Four St. Louis officers were indicted on federal charges Thursday for brutally beating an undercover officer they mistook for a protester and then trying to cover it up.

Prosecutors accused Officers Dustin Boone, Randy Hays and Christopher Myers of slamming a 22-year police veteran to the ground, kicking and beating him with a baton amid protests sparked by the acquittal of former officer Jason Stockley in September 2017. Stockley was facing a murder charge in the fatal shooting of Black man Anthony Lamar Smith, 24.

St. Louis Police

After realizing they’d attacked one of their own, four St. Louis officers then lied in an attempt to cover up the incident. (Photo by Michael B. Thomas/Getty Images)

According to the indictment, the three officers attacked one of their own who was mixed in with the crowd and posing as a protester at the time. The officers targeted the plainclothes cop and assaulted him “while he was compliant and not posing a physical threat to anyone.” Meanwhile a fourth officer, Bailey Colletta, is accused of lying to a federal grand jury investigating the incident, the St. Louis Post-Dispatch reported.

The indictment also pointed to text messages exchanged between several of the officers where they “expressed disdain” for protesters and were giddy with “excitement about using unjustified force against them and going undetected while doing so.”

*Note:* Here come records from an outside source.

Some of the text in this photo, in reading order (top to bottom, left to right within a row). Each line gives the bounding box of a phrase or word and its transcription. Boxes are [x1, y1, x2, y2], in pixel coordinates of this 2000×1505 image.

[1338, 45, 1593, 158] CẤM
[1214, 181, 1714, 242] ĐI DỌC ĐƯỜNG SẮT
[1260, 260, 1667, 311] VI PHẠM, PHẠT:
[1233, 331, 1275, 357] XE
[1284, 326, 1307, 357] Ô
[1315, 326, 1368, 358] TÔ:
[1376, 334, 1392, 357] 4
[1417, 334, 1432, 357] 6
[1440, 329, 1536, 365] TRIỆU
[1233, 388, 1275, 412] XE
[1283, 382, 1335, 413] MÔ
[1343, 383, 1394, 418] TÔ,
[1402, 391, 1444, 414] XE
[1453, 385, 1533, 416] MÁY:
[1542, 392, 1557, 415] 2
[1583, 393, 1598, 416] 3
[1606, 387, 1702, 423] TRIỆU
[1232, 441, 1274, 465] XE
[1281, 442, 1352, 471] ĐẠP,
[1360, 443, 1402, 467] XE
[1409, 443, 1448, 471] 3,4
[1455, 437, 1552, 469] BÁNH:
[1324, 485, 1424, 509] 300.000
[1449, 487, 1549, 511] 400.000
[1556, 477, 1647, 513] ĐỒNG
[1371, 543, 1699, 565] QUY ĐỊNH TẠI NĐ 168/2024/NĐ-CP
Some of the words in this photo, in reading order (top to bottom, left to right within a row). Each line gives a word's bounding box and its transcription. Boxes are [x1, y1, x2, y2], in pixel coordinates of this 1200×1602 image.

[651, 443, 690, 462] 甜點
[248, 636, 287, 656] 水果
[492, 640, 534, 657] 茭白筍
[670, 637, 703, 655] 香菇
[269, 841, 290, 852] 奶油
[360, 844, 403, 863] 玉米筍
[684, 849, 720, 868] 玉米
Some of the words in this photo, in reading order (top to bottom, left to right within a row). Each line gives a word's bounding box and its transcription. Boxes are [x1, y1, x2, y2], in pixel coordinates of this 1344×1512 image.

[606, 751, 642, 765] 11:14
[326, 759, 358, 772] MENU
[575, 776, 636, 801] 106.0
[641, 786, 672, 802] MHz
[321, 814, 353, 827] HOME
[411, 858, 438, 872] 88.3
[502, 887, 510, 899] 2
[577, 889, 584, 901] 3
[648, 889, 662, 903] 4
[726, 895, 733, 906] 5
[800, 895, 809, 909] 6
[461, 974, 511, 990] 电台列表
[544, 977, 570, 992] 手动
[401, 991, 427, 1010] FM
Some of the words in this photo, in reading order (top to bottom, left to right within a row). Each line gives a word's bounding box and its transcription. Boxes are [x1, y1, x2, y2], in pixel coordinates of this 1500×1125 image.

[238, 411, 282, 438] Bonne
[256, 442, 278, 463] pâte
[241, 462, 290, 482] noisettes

The officers carried out their plans and launched an attack that left the undercover officer, identified as L.H., with an inflamed jaw, a 2-centimeter hole that went through his face and a severe tailbone injury, sources familiar with the incident said. The officer underwent surgery in October to repair two herniated disks in his neck and back and is now forced to wear a neck brace.

After realizing the person they attacked was an undercover officer, the three male cops lied about the arrest and claimed the man had resisted and was noncompliant. The indictment states they even tried reaching out to the officer to dissuade him from pursuing legal action.

Transcripts included in the indictment also revealed damning texts sent two days before the Sept. 17 demonstration.

“[L]et’s whoop some ass,” Myers texted an unnamed officer about the protest detail.

The same day, Boone also texted someone, “[I]t’s gonna be a lot of fun beating the hell out of these shitheads once the sun goes down and nobody can tell us apart!!!” He went on to lament that other officers were getting hurt in the protests but said “it’s still a blast beating people who deserve it. And I’m not one of the people hurt, so I’m still enjoying each night.”

In one exchange, Hays advised another officer about “going rogue” and told him to “make sure you have a white dude as a witness.”

The Riverfront Times reports that all four officers were detailed to the department’s Civil Disobedience team at the time of the incident. Boone, Hays and Myers face separate charges for conspiring to mislead investigators while Myers is named in a felony count for intentionally destroying L.H.’s cellphone after the attack.

In a statement, St. Louis Metropolitan Police Chief John Hayden decried the officer’s actions, saying he was “deeply disappointed” by their behavior.